In a large bowl combine all ingredients for the cake and mix until there are no lumps left (I use my Kitchenaid to ensure a smooth consistency). Pour the batter into the bunt pan and bake 1 hour until a toothpick inserted comes out clean.
Meanwhile, in a saucepan, melt the butter. Add the water and coconut sugar and boil until the consistency becomes sticky (usually 5 minutes). Remove from heat and add the bourbon.
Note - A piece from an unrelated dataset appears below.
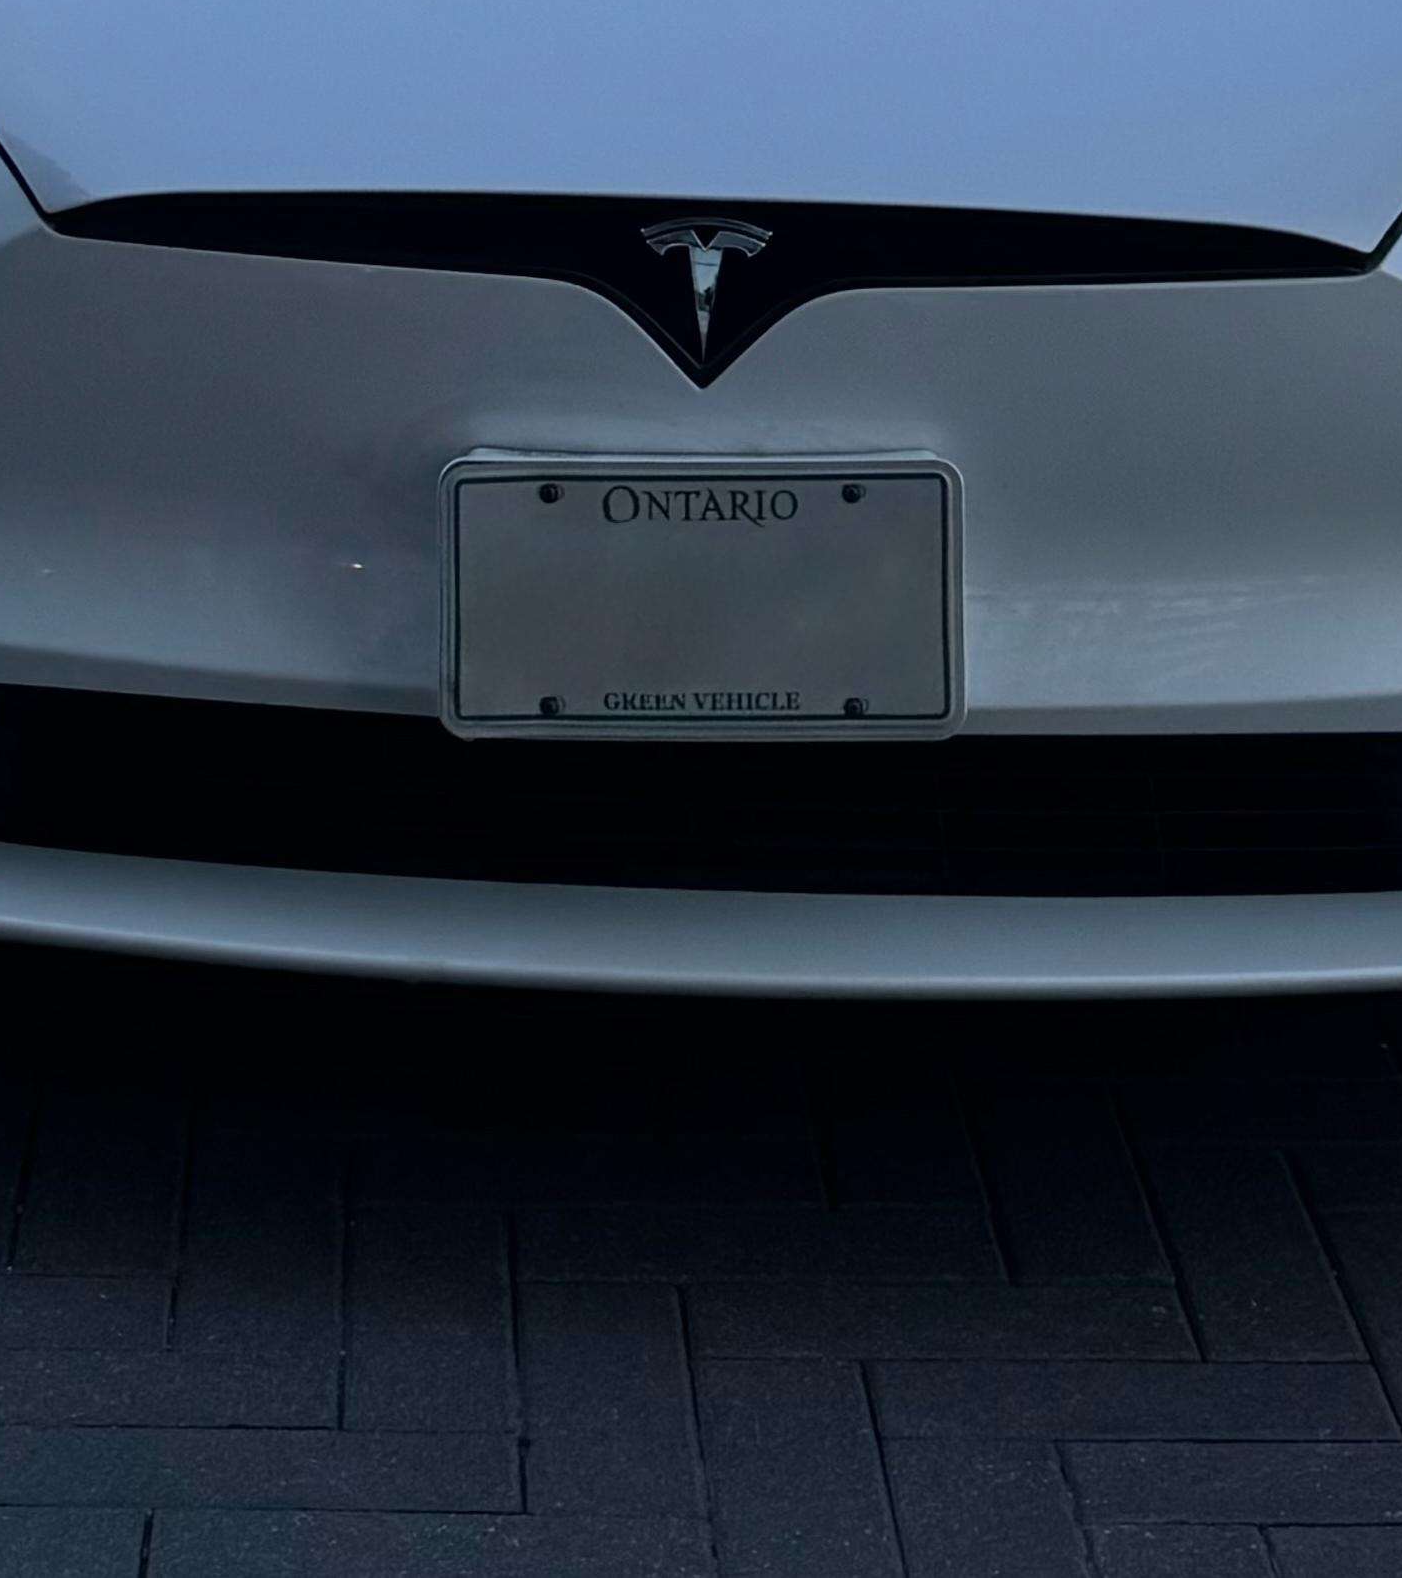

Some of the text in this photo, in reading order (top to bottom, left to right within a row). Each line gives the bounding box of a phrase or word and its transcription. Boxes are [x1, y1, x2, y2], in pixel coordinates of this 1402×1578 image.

Flip the cake out of the bunt pan and onto a plate. With a toothpick poke holes all around the top of the cake (this will help the glaze absorb into the cake). Using a silicon brush evenly coat the cake until all glaze is used. (PRO TIP: I do one coat while the glaze is still hot then let the cake sit, covered overnight and continue with remaining glaze in the morning)
Hope you enjoy!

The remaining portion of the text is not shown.